By partnering with other solar panel providers, Powur reduced their own liability — if one partner goes out of business, they still have others that are going strong — and increased their ability to provide exactly the type of solar panels their customers want. Not a bad business decision.
You might have noticed above that I mentioned lead generation.
That’s because, as a “distributor” for Powur, you don’t actually have to sell a single thing. Your customers never have to hand over a dime for you to get paid.
All you’re doing is getting people to sign up for a free proposal from one of Powur’s partners. SolarCity handles the entire sales process from there. You get paid for solar appointments and installations, so your leads need to be sales ready, or at least interested in talking seriously about getting solar panels.
Still, this takes a lot of the legwork out of network marketing. No product, no autoship, no closing sales, and no processing payments.
They boast not having a registration or membership fee to join as a “Powur Advocate” but, of course, to make any real money or training (which you really need in this industry), you need to upgrade.
A “Solar Certification” offers additional training and opportunities for $199.
However, there is lots of talk that it actually costs $500 to join and gain access to full compensation. WOW, that is quite a price tag, more expensive than most network marketing companies (see: USANA, or Shaklee). Since the company doesn’t have a product of its own to profit off of, I guess it has to really rely on membership fees from its distributors to make any money.
Not a very sustainable plan.
I also don’t like how shady their website is — not a word on how much it really costs to join, and no mention of what the compensation plan looks like either.
You need three qualified leads to be eligible for commission, which will get you a one-time payment of $75. After that, when your personally recruited members bring in three qualified leads, you get another $75 payment.
They pay out a 20-year residual for your customers (as long as you’re active), which is pretty good.

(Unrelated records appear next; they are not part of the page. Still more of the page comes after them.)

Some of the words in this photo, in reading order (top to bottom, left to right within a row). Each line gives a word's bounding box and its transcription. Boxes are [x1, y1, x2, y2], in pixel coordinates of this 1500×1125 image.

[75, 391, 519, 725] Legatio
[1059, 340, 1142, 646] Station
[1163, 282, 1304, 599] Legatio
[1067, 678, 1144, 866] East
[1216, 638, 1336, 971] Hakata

Residuals are paid through a uni-level plan, and you get $100 for every 3 qualified leads. There are pass ups incorporated as well.

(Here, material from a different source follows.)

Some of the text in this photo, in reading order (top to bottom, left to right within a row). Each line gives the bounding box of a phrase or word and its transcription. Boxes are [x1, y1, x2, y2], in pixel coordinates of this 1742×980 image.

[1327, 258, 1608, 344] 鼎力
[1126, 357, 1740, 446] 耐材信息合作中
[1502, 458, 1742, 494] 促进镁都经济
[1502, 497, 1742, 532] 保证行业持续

For every contract one of your leads signs, you get $250 — half paid upon signing of the contract, the other half upon installation. There are also rank bonuses and differential bonuses involved.
Honestly, despite a sort of shady past, this MLM is partnered with a lot of solid companies and offers a decent compensation plan. They also cut out a lot of the BS involved in MLM, from home parties to autoship.
But they replace some of that noise with the fact that you have to get people to sign up for a solar panel proposal AND hopefully sign a contract to buy.
Even if you’re not actually closing sales, you’re gonna need some pretty baller sales skills for that. I mean, would you be easily convinced to give up your Saturday to listen to a sales pitch about solar energy?
What’s more, if you rely on a network of family and friends, that network will run dry real quick. After that, where do you go, without a real product to sell?
A lot of reps resort to door-to-door sales. Most people don’t have the stomach for that, and for good reason… it’s pretty much dead and completely unwelcome in the United States.
Look, I’ve been involved with network marketing for over ten years so I know what to look for when you consider a new opportunity.
Powur isn’t a bad company, but there are better ways to make money.